» Task to complete
In the records below, find the line containing "this 1880×1253 image." and the line containing "this 1080×1280 image."; please repeat exactly the lines from one to the other, both included, and nothing more.

++++ Dataset records

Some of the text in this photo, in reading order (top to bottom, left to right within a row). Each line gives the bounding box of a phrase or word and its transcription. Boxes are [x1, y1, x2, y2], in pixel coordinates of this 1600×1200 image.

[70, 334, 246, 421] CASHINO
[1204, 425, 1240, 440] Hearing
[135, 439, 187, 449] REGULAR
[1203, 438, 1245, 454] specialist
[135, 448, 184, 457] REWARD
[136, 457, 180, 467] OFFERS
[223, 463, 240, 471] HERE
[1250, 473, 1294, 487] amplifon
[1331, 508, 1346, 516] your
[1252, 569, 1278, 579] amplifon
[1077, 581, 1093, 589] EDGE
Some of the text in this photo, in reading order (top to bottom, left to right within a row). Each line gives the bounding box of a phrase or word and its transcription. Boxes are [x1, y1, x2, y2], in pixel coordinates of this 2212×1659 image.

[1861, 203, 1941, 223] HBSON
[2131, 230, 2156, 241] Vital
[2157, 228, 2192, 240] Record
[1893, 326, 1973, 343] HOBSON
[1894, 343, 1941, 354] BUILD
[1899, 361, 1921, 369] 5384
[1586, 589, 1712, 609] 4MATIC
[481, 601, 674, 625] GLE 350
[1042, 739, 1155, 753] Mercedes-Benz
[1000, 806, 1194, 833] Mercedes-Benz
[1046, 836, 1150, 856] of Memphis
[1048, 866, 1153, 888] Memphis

++++++++
++++ Dataset records

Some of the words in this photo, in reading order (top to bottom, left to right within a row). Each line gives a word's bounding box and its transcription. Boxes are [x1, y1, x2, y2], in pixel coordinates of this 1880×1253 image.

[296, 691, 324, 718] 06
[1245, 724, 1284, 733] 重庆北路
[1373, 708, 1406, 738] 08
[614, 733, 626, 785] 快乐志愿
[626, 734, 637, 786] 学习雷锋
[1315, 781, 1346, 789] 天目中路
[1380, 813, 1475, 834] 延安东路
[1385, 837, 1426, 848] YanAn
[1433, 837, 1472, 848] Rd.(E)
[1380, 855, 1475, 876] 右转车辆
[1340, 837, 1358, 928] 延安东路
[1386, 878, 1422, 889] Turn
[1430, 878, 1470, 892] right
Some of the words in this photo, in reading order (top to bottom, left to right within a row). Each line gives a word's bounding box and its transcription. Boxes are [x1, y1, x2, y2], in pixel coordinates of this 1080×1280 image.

++++++++

» Answer space
Some of the words in this photo, in reading order (top to bottom, left to right within a row). Each line gives a word's bounding box and its transcription. Boxes are [x1, y1, x2, y2], in pixel coordinates of this 1880×1253 image.

[296, 691, 324, 718] 06
[1245, 724, 1284, 733] 重庆北路
[1373, 708, 1406, 738] 08
[614, 733, 626, 785] 快乐志愿
[626, 734, 637, 786] 学习雷锋
[1315, 781, 1346, 789] 天目中路
[1380, 813, 1475, 834] 延安东路
[1385, 837, 1426, 848] YanAn
[1433, 837, 1472, 848] Rd.(E)
[1380, 855, 1475, 876] 右转车辆
[1340, 837, 1358, 928] 延安东路
[1386, 878, 1422, 889] Turn
[1430, 878, 1470, 892] right
Some of the words in this photo, in reading order (top to bottom, left to right within a row). Each line gives a word's bounding box and its transcription. Boxes are [x1, y1, x2, y2], in pixel coordinates of this 1080×1280 image.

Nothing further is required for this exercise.